機器を用いた軟部組織のモビライゼーションに関する医療従事者のClinical Practice Patterns

Cheatham, Scott William, et al. "Clinical Practice Patterns Among Health Care Professionals for Instrument-Assisted Soft Tissue Mobilization." Journal of Athletic Training 56.10 (2021): 1100-1111.

[ハイパーリンク] DOI, PubMed, Google Scholar

✅ Keypoints
- 器具を用いた軟部組織動員法(IASTM)の研究、専門的なトレーニング、および臨床実践には大きなギャップがある。
- 回答者は、専門家としての経験、トレーニング、および臨床でのIASTMの使用について不均一性を報告した。
- クラスタープロファイルにより、IASTMのトレーニングと使用パターンにおけるグループの違いが明らかになった。
- 様々な患者層や症状に応じた臨床ガイドラインの作成に注力する必要がある。

[背景・目的] 機器支援軟部組織モビライゼーション(IASTM)は,医療従事者によく用いられる筋膜介入である。目的米国の医療従事者におけるIASTMの臨床実践パターンを記録すること。

[方法] デザインは横断的研究。調査方法は、オンライン調査。被験者は、全米アスレチックトレーナー協会(n = 249)および米国理学療法士協会(n = 604)のメンバー計853名。主なアウトカム評価IASTMのトレーニングと経験、IASTMの適用、実践におけるIASTMの認識、および人口統計学的情報の4つの分野を評価する55項目の電子調査への回答。
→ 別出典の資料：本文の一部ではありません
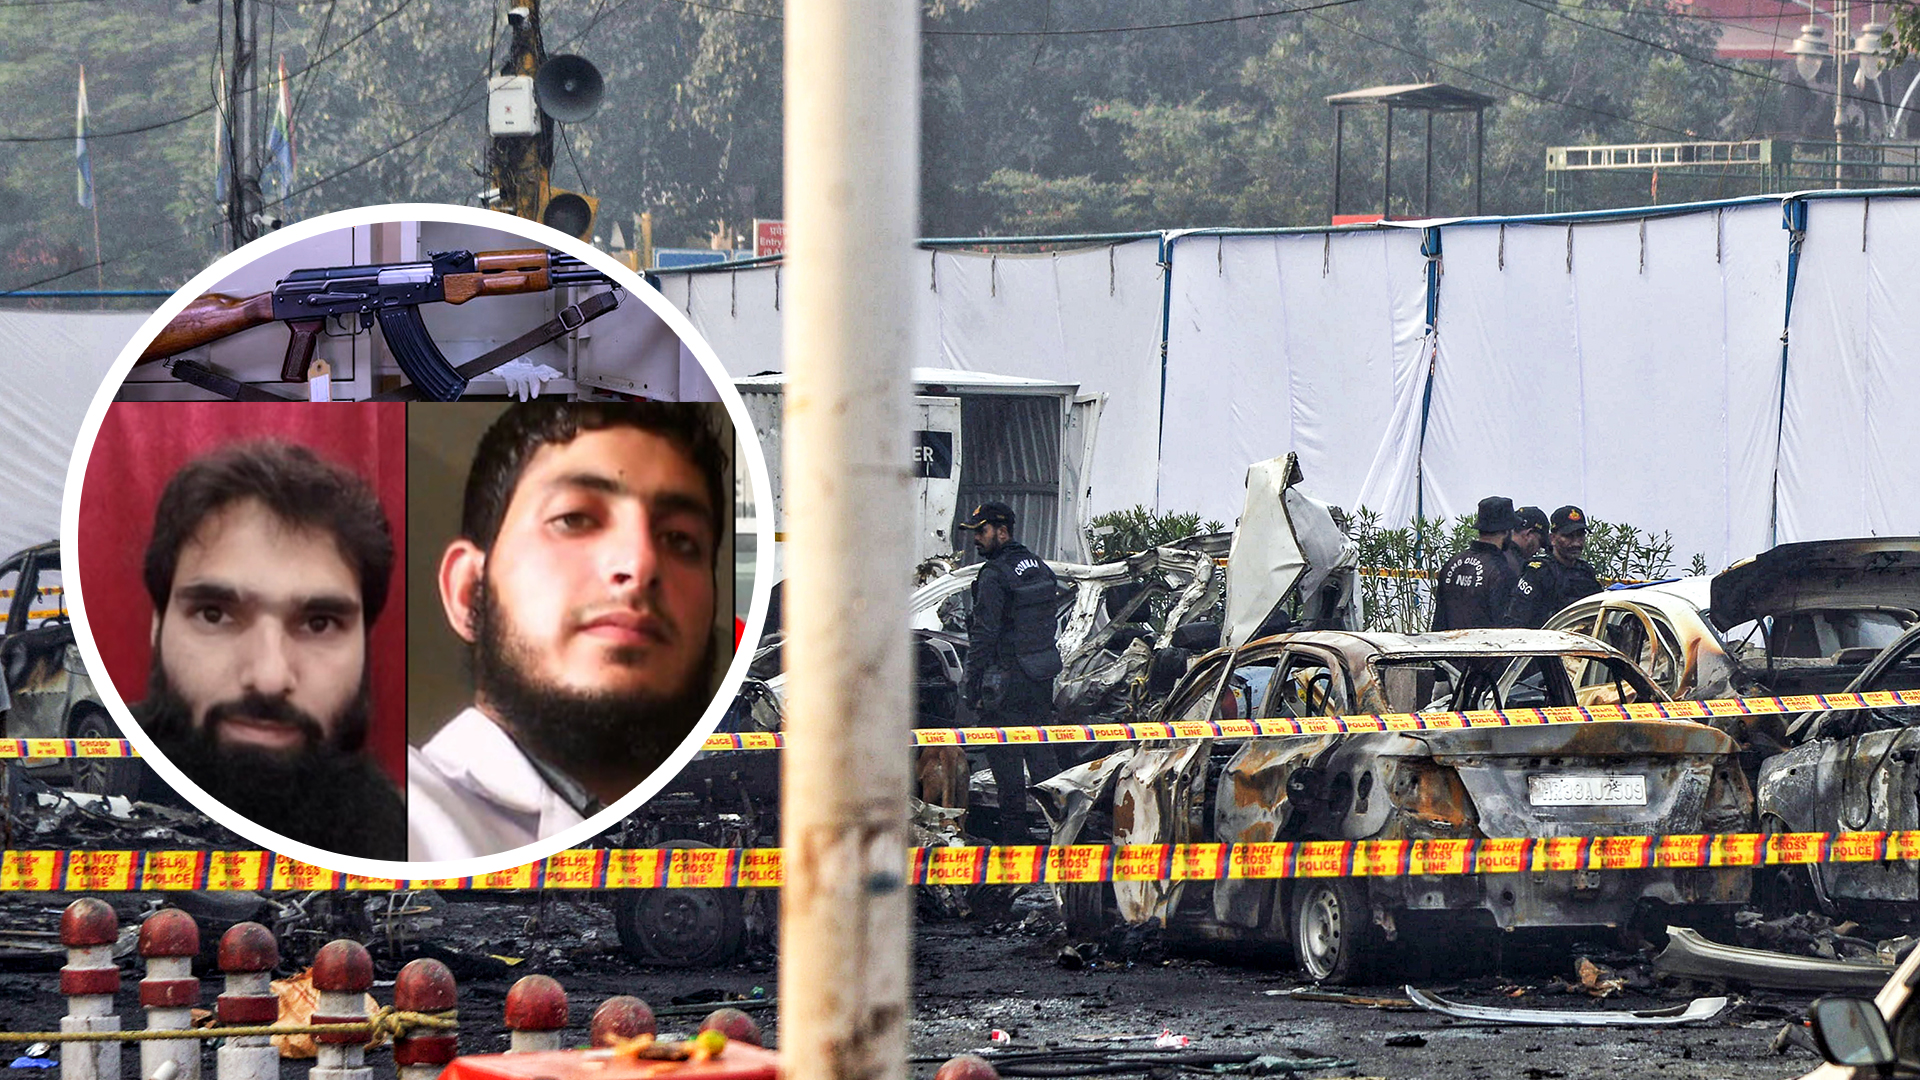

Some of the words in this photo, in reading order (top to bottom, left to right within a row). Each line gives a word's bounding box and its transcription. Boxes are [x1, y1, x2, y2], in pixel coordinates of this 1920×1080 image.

[760, 236, 782, 248] Entry
[1463, 556, 1484, 587] DISPOSAL
[1455, 574, 1473, 587] NSG
[1095, 728, 1124, 736] POLICE
[1222, 724, 1251, 732] POLICE
[1309, 724, 1328, 732] LINE
[926, 735, 945, 743] LINE
[966, 732, 996, 740] POLICE
[86, 747, 109, 755] LINE
[1233, 845, 1249, 854] DO
[1252, 845, 1276, 854] NOT
[1415, 842, 1429, 850] DO
[1434, 842, 1457, 850] NOT
[1771, 841, 1808, 850] CROSS
[672, 853, 688, 862] DO
[692, 852, 718, 862] NOT
[1049, 848, 1065, 858] DO
[1069, 848, 1093, 857] NOT
[1119, 849, 1154, 860] DELHI
[1415, 851, 1453, 860] CROSS
[1594, 847, 1631, 856] CROSS
[1657, 851, 1696, 863] POLICE
[1778, 850, 1803, 861] LINE
[1833, 846, 1872, 857] POLICE
[71, 854, 88, 864] DO
[93, 854, 119, 864] NOT
[150, 857, 188, 868] DELHI
[551, 856, 588, 867] DELHI
[744, 855, 781, 866] DELHI
[933, 852, 969, 864] DELHI
[1051, 858, 1089, 868] CROSS
[1235, 854, 1272, 865] CROSS
[1478, 855, 1518, 867] POLICE
[1601, 857, 1625, 868] LINE
[74, 865, 116, 876] CROSS
[279, 865, 321, 876] CROSS
[674, 864, 713, 873] CROSS
[1115, 863, 1156, 875] POLICE
[1241, 865, 1266, 876] LINE
[1298, 860, 1338, 871] POLICE
[1422, 861, 1447, 872] LINE
[145, 873, 191, 884] POLICE
[547, 871, 590, 883] POLICE
[740, 870, 783, 880] POLICE
[930, 867, 971, 879] POLICE
[1057, 869, 1083, 880] LINE
[80, 877, 109, 888] LINE
[286, 877, 314, 887] LINE
[486, 876, 514, 887] LINE
[680, 874, 707, 885] LINE
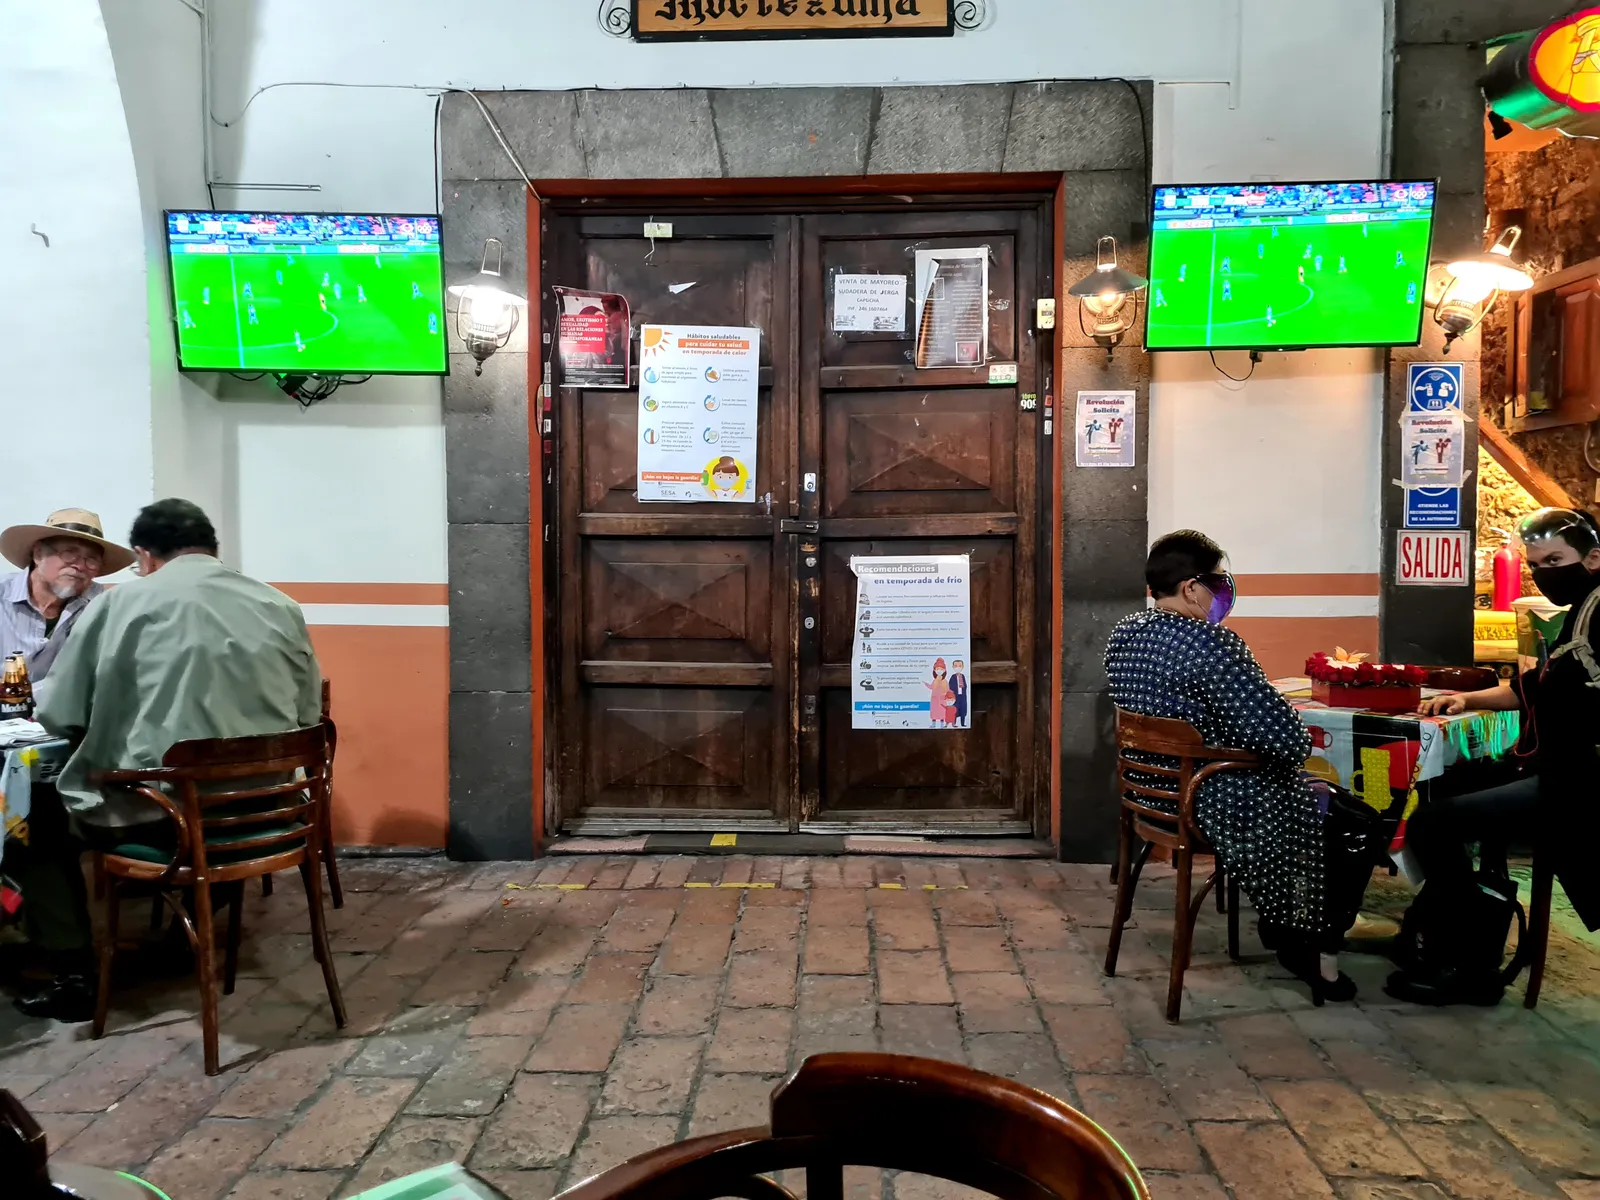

[結果] 853名の回答者のほとんど(n = 705, 83%)がIASTMを使用しており、平均15年の実務経験を持っていた。回答者の約86%(n=731)が何らかの公式トレーニングを受けており、61%(n=518)が何らかの非公式なトレーニングを受けていた。回答者は34種類以上のIASTMツールを使用していました。71%(n=606)は、治療中にツールが加える力の量を定量化する方法を知らないか、定量化しようとしないと回答した。特定の病変や部位に対する治療時間は、1分から5分以下で、平均の総治療時間は14.46±14.70分だった。回答者は、IASTMの前後に31種類の介入を行った。約66%(n=564)が治療法の推奨事項に従うと回答し、19%(n=162)がトレーニング中に学んだ推奨事項にはほとんど、あるいは全く従わないと回答した。94%(n=801)が、治療を評価するために何らかの臨床結果指標を用いたと回答した。クラスター分析では、専門家の間で3つの異なるクラスター・グループが確認され、ほとんどの専門家(89%、n = 729/818)がIASTMは有効な治療法であると回答した。

図1

✅ 3つのクラスターグループの概要
中立派:器具を使ったアプローチと伝統的なアプローチの両方が有効である
機器推進派:器具を使ったアプローチを好み伝統的なアプローチに反対する
機器高感派:器具を使ったアプローチを好むが、伝統的なアプローチも否定しない

[結論] 今回の調査では、医療従事者のIASTM実践パターンを記録した。クラスタープロファイルは、IASTMのトレーニングと臨床応用におけるグループの違いを特徴づけるものであった。IASTMのベスト・プラクティスを確立するためには、研究、臨床実践、トレーニングの間のギャップを埋める必要がある。

▼ So What?:何が面白いと感じたか?

革命は、いつの日もテクノロジーと手をつないできた。
鉄砲は籠城戦の優位性を、天体望遠鏡は天動説を、車は馬を打ち砕いた。
人数として上回っていた幕府軍が、なぜ新政府軍に大敗したか?
新政府軍がテクノロジー(最新の軍備システム)を採用していたからだ。

軟部組織のモビライゼーションにおいて、革命はすでに起こっている。
このアメリカにおける道具の使用率『83%』
日本は、どうだ?
おそらく、この数字を大きく下回るだろう。
僕たちは、テクノロジーの前ではただ、ひれ伏すしかない。
それは、歴史が繰り返し証明してきた事実だ。
学び、取り入れ、実践する。それだけが道を分ける。
織田信長になろう!
鉄砲を取り入れ、その最良の使い方を考案した織田信長に。